Os cinco eixos para implantar sistemas alimentares circulares

Os resultados destacaram cinco eixos fundamentais para a mudança:

  • Pessoas: capacitar equipes técnicas garante continuidade das ações, mesmo com mudanças políticas.
  • Gestão da qualidade: mercados e feiras precisam de regras claras para assegurar alimentos seguros e de qualidade.
  • Visão sistêmica: políticas alimentares devem articular saúde, educação, agricultura, meio ambiente e assistência social.
  • Governança multinível: cidades precisam dialogar com estados, governo federal e sociedade civil para ampliar parcerias.
  • Circularidade: transformar resíduos em recursos, com compostagem, biogás e reaproveitamento de alimentos, fecha o ciclo e dá vida nova ao sistema alimentar.
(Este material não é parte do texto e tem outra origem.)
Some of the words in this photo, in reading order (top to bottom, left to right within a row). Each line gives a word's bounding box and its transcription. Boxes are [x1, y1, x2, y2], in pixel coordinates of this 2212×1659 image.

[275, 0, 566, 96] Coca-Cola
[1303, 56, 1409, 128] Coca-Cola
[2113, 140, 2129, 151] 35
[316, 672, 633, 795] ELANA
Um diferencial da pesquisa foi o uso da teoria dos stakeholders, que propõe considerar os interesses de todos os envolvidos — de agricultores a consumidores, passando por ONGs, governos e empresas. Portanto, essa visão reforça que a transição para sistemas alimentares circulares só terá sucesso com colaboração entre os diferentes atores e corresponsabilidade na execução das políticas.

Além disso, práticas como compostagem de resíduos, redistribuição de alimentos por bancos e feiras, agricultura urbana e empreendedorismo social são estratégias práticas para tornar os sistemas alimentares mais sustentáveis. Essas iniciativas não apenas reduzem o desperdício, mas também ampliam o acesso a alimentos de qualidade, regeneram ecossistemas e ajudam no combate às mudanças climáticas.
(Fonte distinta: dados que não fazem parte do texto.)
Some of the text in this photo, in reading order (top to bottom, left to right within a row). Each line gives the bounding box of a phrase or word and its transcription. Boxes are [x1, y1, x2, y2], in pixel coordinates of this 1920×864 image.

Próximos passos para cidades sustentáveis

O estudo mostra que os sistemas alimentares circulares não são apenas uma ideia teórica, mas uma estratégia viável para enfrentar a insegurança alimentar e as mudanças climáticas.

Por fim, com planejamento, políticas públicas consistentes e engajamento da sociedade, as cidades podem transformar resíduos em recursos, reduzir desigualdades e garantir um modelo alimentar mais justo e sustentável. Assim, adotar sistemas circulares não é apenas uma opção, mas uma necessidade estratégica para o futuro das cidades brasileiras.